NovelToon NovelToon
Kultivator Koplak

Kultivator Koplak

Status: sedang berlangsung
Genre:Time Travel / Sistem / Tokyo Revengers / One Piece / BLEACH / Jujutsu Kaisen
Popularitas:7.6k
Nilai: 5
Nama Author: yellow street elite

seorang pemuda yang di paksa masuk ke dalam dunia lain. Di paksa untuk bertahan hidup berkultivasi dengan cara yang aneh.
cerita ini akan di isi dengan kekonyolan dan hal-hal yang tidak masuk akal.

Karya ini diterbitkan atas izin NovelToon yellow street elite, isi konten hanyalah pandangan pribadi pembuatnya, tidak mewakili NovelToon sendiri

Bab 19

Rynz berdiri tegap di hadapan Siluman Ular Api Darah. Ia tidak langsung menyerang.

Tatapannya tajam. Tubuhnya kaku, tapi pikirannya terus bekerja.

Udara di sekitarnya makin panas. Namun dia menahan diri agar api hitam dalam tubuhnya tidak menyala tanpa kendali.

Ia mulai menganalisis makhluk itu secara mendalam.

Pertama, gerakan ekornya. Lambat, namun ketika menghantam batu di sisi gua, batu itu meleleh. Artinya, bukan sekadar kekuatan otot, melainkan tubuhnya menyimpan energi api pekat yang terus mengalir.

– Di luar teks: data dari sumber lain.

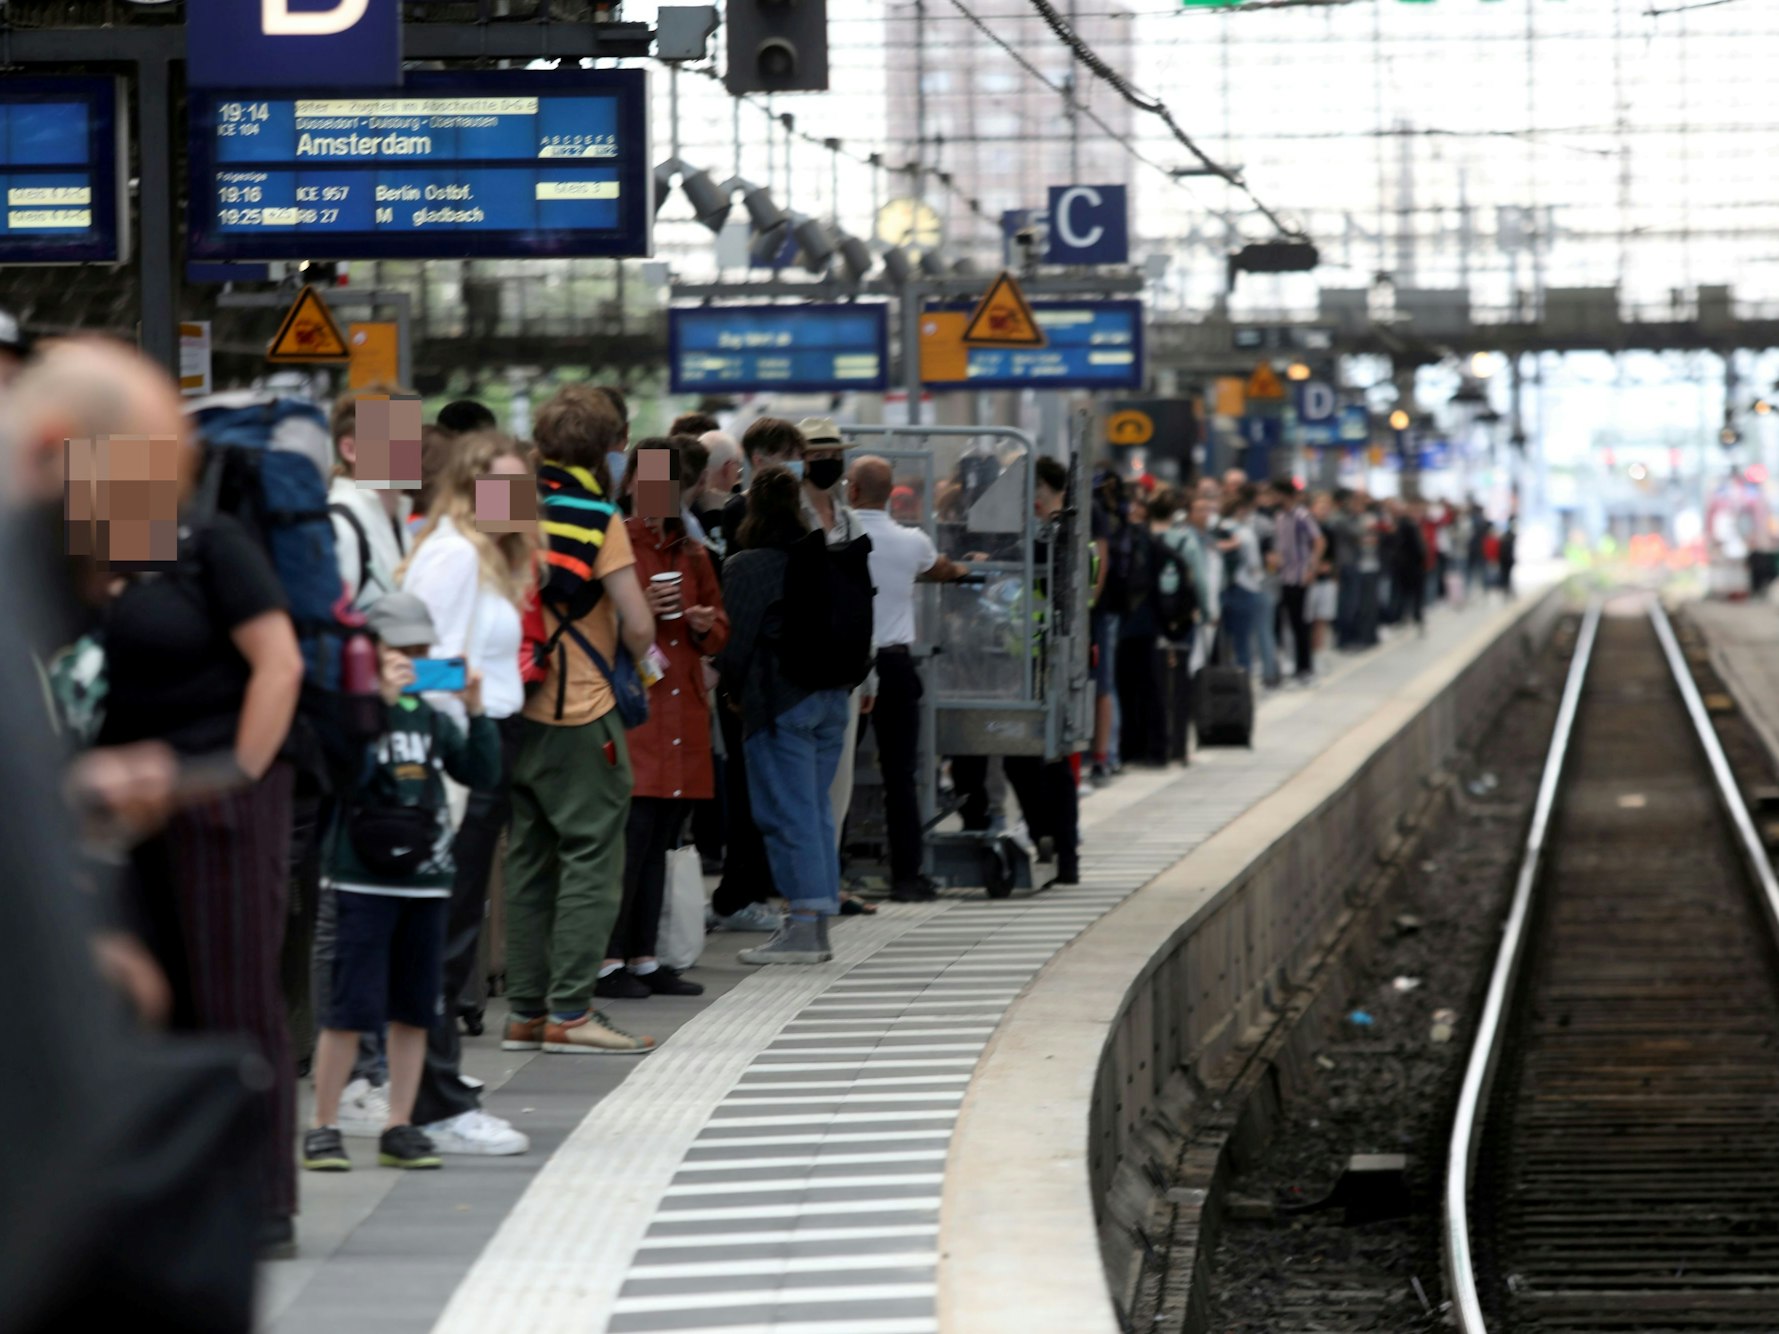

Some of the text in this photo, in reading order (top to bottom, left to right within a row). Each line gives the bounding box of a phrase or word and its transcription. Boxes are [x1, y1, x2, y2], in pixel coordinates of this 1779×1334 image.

Kedua, nafasnya. Uap merah pekat keluar dari lubang hidung. Bukan racun biasa. Rynz menduga itu semacam energi spiritual korosif. Jika terhirup, bisa melemahkan energi dalam tubuh dan mengganggu konsentrasi.

Ketiga, tanduk di atas kepalanya. Tampak mengumpulkan cahaya merah keunguan. Ada unsur petir di sana. Mungkin makhluk ini menyerap elemen dari sekitar, bukan hanya api.

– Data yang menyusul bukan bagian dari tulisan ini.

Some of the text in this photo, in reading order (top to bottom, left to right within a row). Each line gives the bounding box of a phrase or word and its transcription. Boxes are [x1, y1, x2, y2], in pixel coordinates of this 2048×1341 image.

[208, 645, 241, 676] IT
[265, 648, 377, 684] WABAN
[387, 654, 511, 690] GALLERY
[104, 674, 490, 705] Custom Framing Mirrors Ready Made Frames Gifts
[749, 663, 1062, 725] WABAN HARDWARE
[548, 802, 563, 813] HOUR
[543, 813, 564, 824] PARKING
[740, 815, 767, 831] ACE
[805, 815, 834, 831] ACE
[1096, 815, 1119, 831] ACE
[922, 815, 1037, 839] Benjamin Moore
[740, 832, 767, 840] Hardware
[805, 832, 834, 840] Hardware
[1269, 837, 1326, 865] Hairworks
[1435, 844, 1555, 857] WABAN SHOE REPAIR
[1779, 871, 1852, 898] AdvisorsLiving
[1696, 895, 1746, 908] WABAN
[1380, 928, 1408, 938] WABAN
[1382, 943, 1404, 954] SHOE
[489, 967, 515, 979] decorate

Keempat, pola gerakannya. Ular itu tidak gegabah. Ia menjaga jarak dan tidak langsung menyerang. Artinya, makhluk ini cukup cerdas atau memiliki insting bertarung yang sangat tinggi.

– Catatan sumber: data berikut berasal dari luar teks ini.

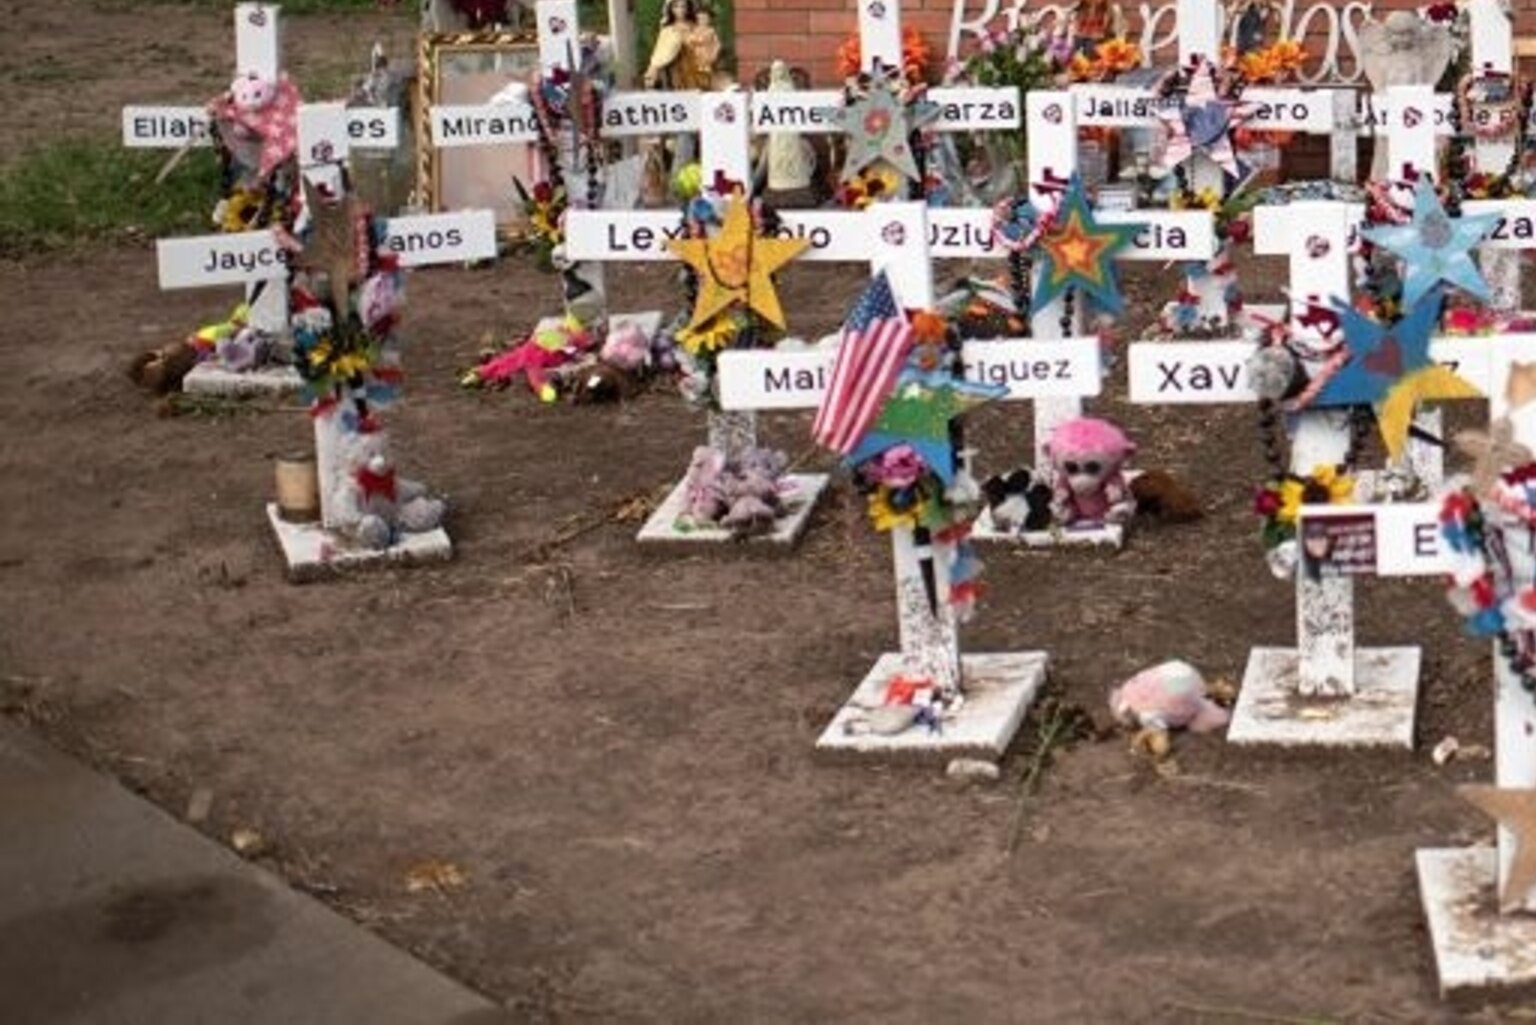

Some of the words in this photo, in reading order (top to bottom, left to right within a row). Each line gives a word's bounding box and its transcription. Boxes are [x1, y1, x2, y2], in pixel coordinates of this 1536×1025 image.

[605, 102, 689, 127] athis
[758, 105, 826, 124] Ame
[943, 100, 1016, 121] arza
[388, 226, 464, 252] anos
[607, 223, 688, 252] Lex
[763, 364, 829, 393] Mai
[963, 357, 1072, 386] riguez
[1156, 360, 1244, 392] Xav
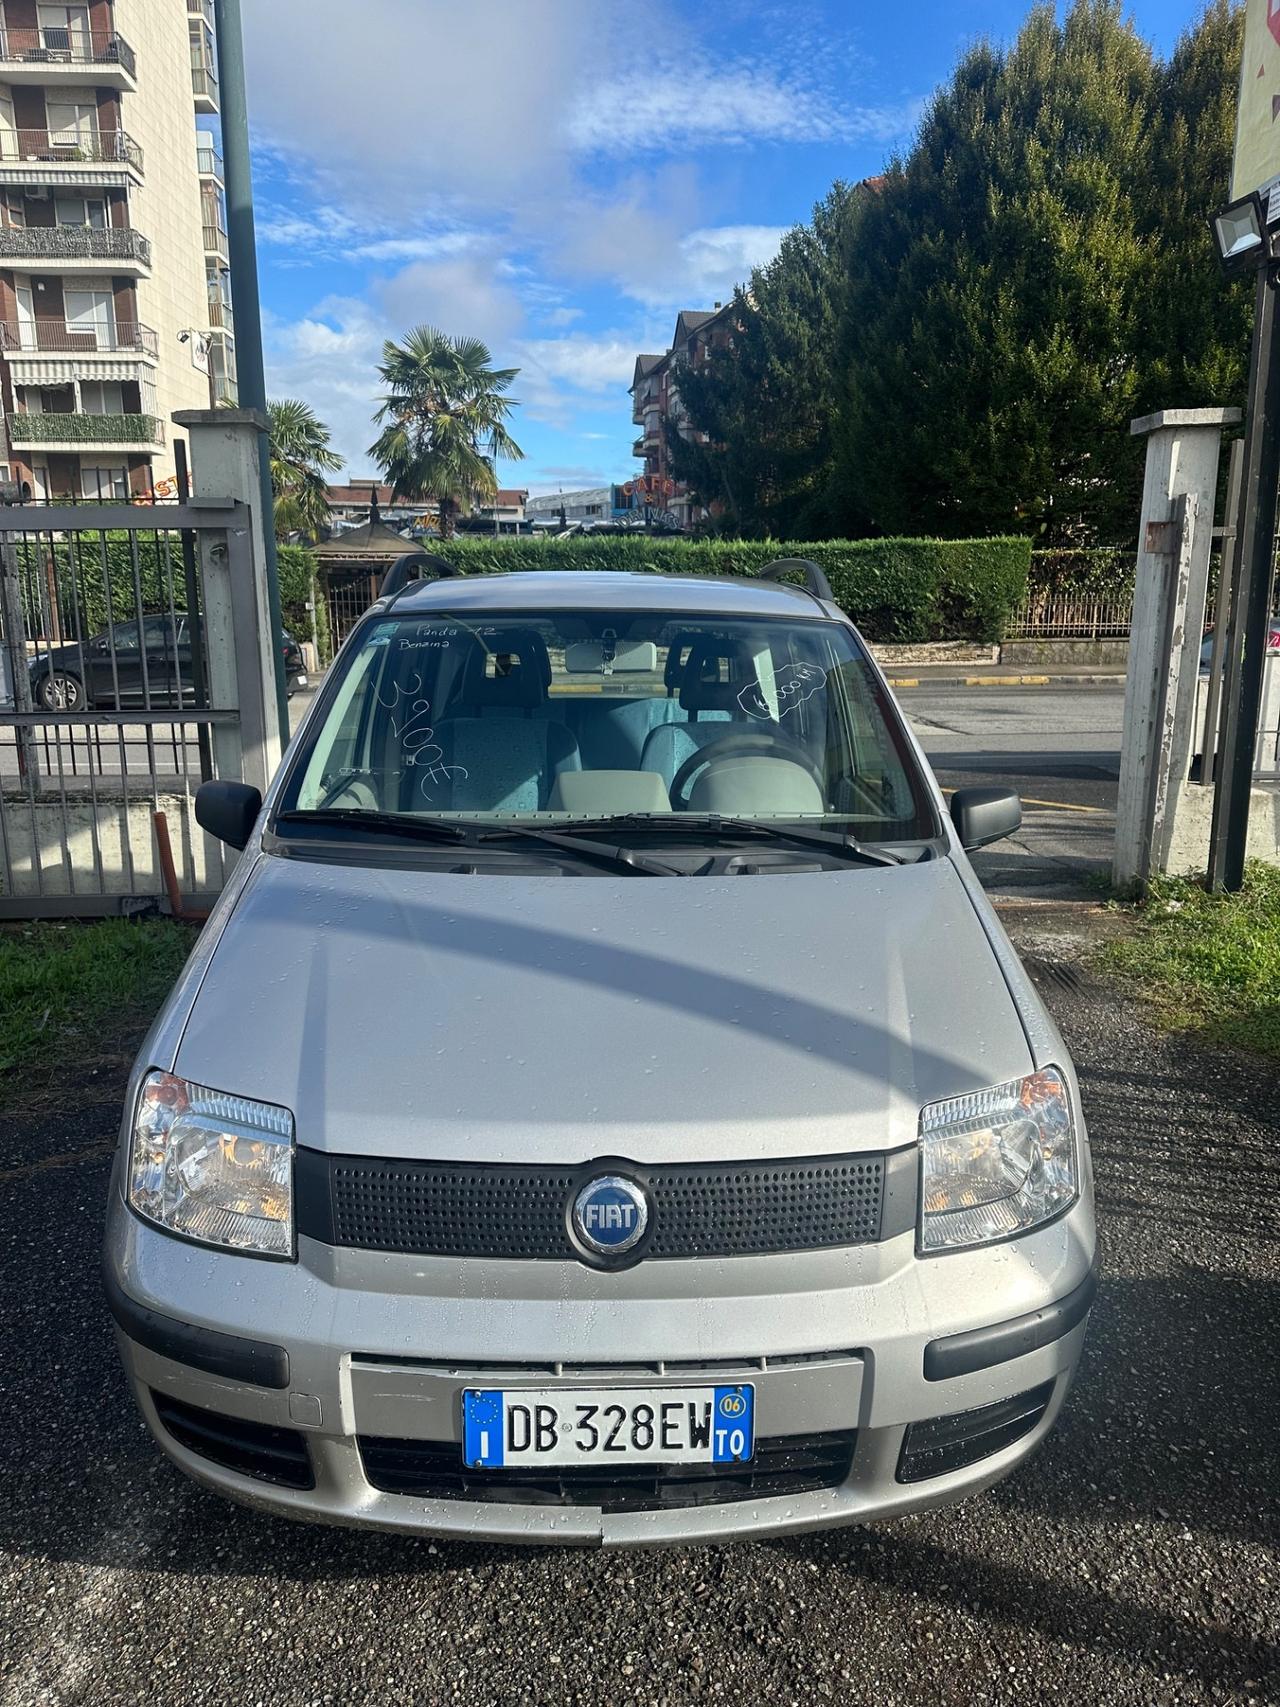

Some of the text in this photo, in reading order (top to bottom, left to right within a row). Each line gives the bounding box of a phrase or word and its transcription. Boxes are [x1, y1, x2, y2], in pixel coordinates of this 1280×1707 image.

[615, 506, 680, 530] DRINKS
[415, 623, 458, 637] Panda
[586, 1204, 635, 1228] FIAT
[723, 1397, 740, 1413] 06
[507, 1401, 713, 1452] DB 328EW
[480, 1431, 489, 1458] I
[715, 1429, 745, 1456] TO

Kelima, tekanan spiritualnya. Rynz bisa merasakan beban di dadanya. Makhluk ini kemungkinan berada di tingkat Master awal atau pertengahan. Sedangkan dia sendiri masih di ranah Hunter.

Rynz menghela napas pelan.

Palu di punggungnya terasa berat. Tangan kirinya perlahan memanas, namun tidak membakar. Api hitamnya seperti bergetar, menyadari kehadiran sesuatu yang serupa... atau mungkin saling menolak.

"Aku tidak akan menang jika bertarung langsung," pikirnya. "Tapi mungkin aku bisa menipu makhluk ini. Seret ke ruang sempit, picu kekuatan itu, dan akhiri cepat."

Ia melirik ke samping. Ada lorong menurun tajam di sisi kiri. Cukup sempit untuk membatasi gerak ular itu.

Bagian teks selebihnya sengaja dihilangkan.